Referring expression grounding data
☆ ☆ ☆ ☆

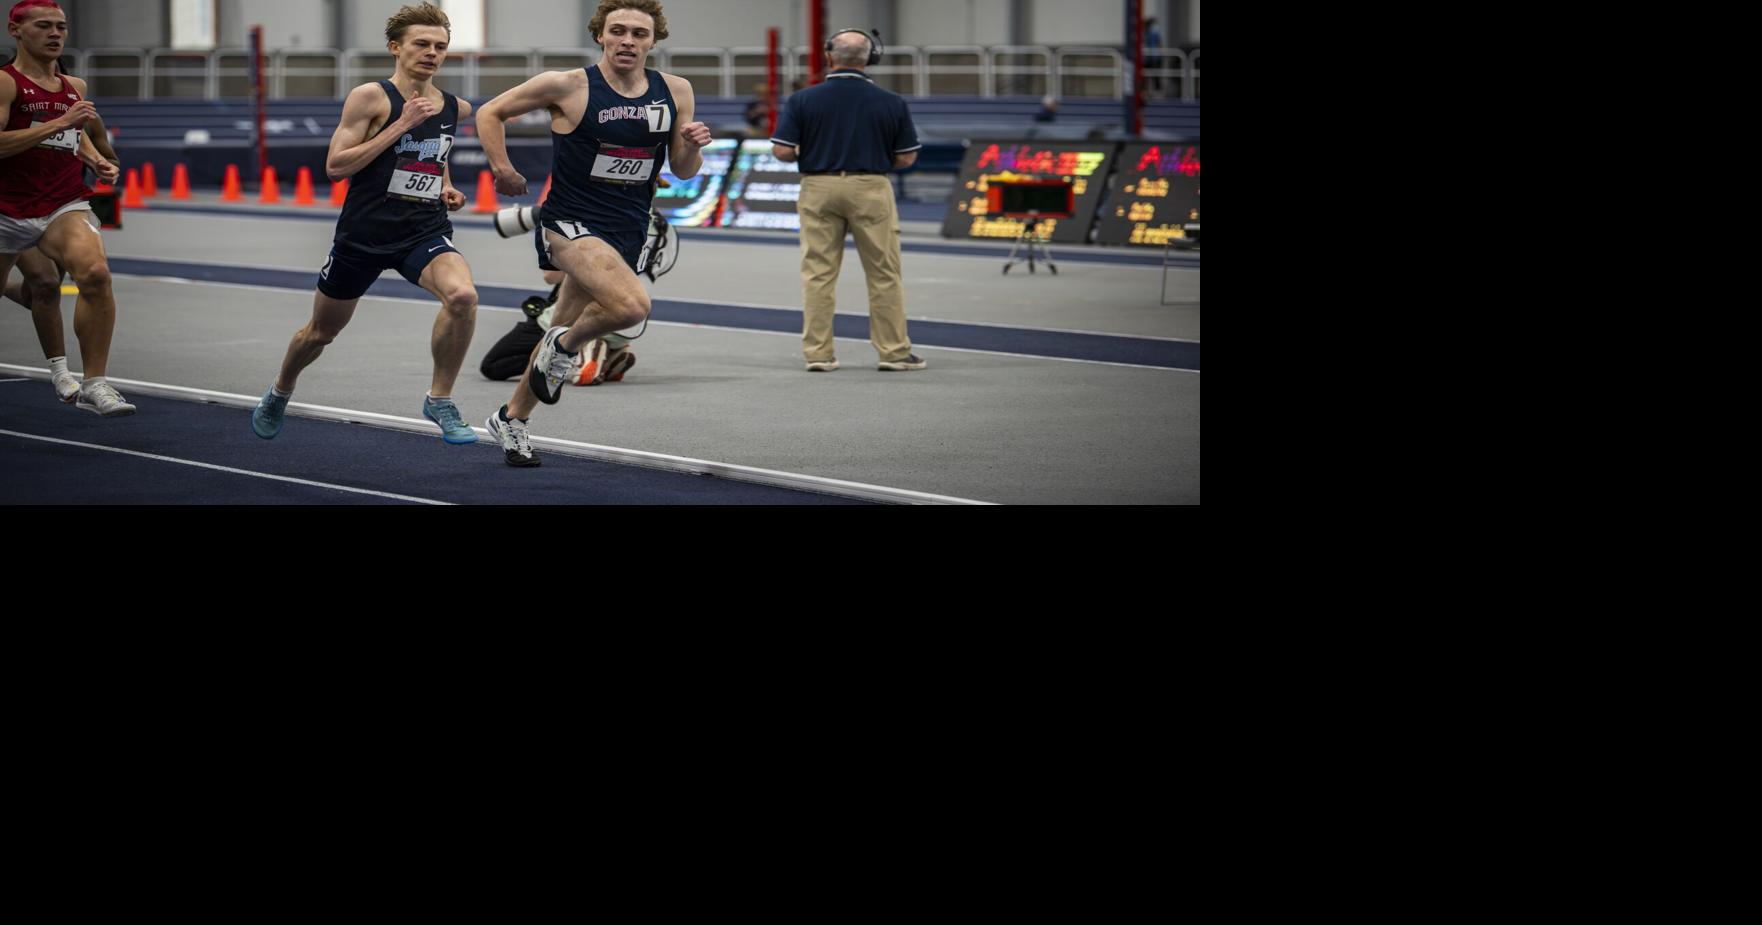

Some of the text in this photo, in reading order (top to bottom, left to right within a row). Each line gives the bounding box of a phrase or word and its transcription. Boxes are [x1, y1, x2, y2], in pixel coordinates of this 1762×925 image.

[21, 102, 73, 112] SAINT MA
[650, 106, 665, 131] 7
[440, 137, 453, 161] 2
[606, 159, 643, 175] 260
[405, 174, 437, 192] 567
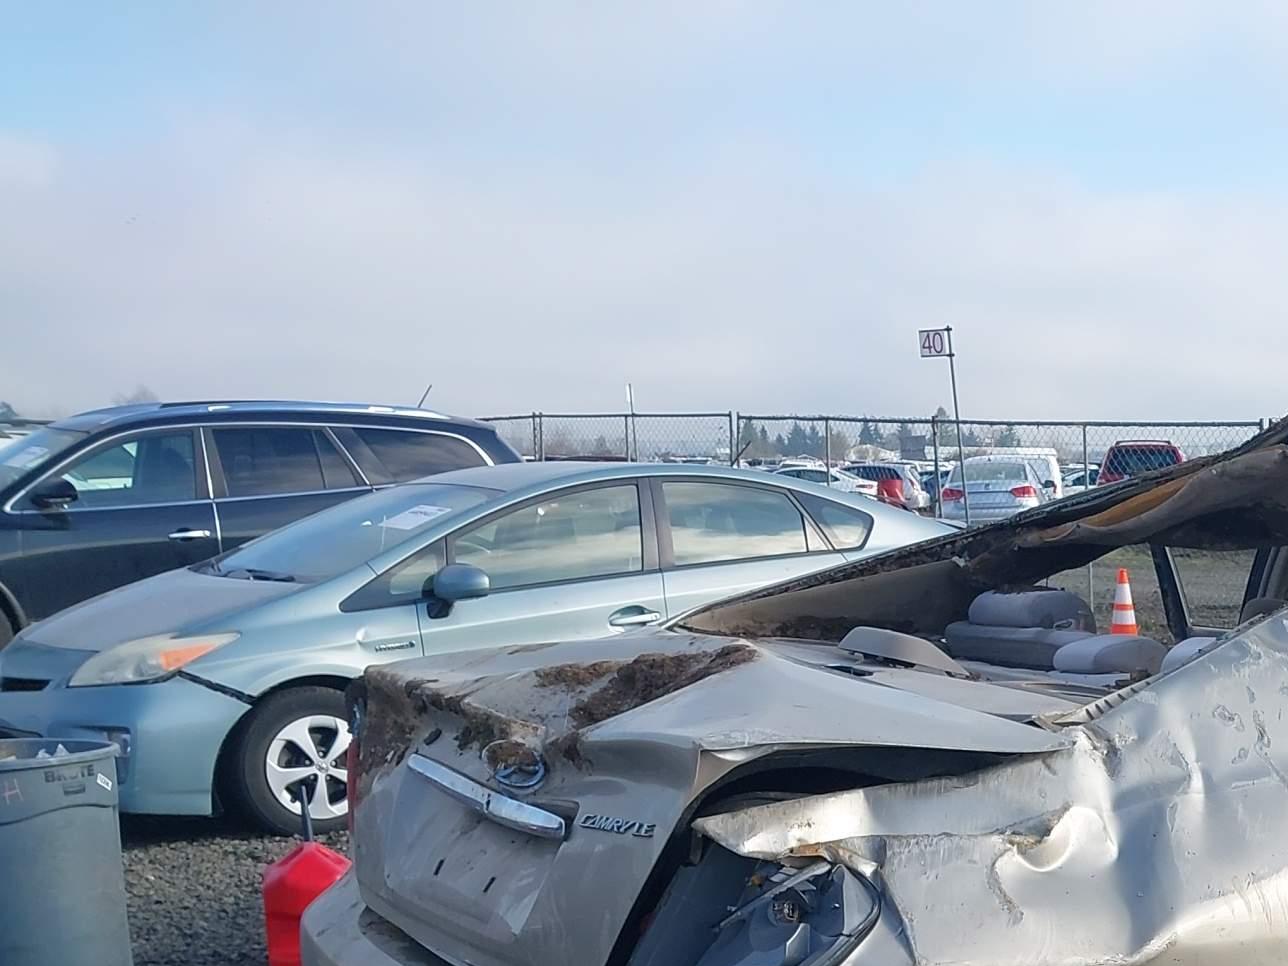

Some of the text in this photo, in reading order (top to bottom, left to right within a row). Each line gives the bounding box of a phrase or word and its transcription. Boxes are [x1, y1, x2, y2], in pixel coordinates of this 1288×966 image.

[922, 332, 944, 354] 40
[579, 813, 656, 838] CAMRY LE

☆ ☆ ☆ ☆

◆ TRY IT: With both ends included, please retype exactly the lines from the line containing "this 1288×966 image." to the final line of the data.

◆ EXERCISE RESPONSE:
Some of the text in this photo, in reading order (top to bottom, left to right within a row). Each line gives the bounding box of a phrase or word and its transcription. Boxes are [x1, y1, x2, y2], in pixel coordinates of this 1288×966 image.

[922, 332, 944, 354] 40
[579, 813, 656, 838] CAMRY LE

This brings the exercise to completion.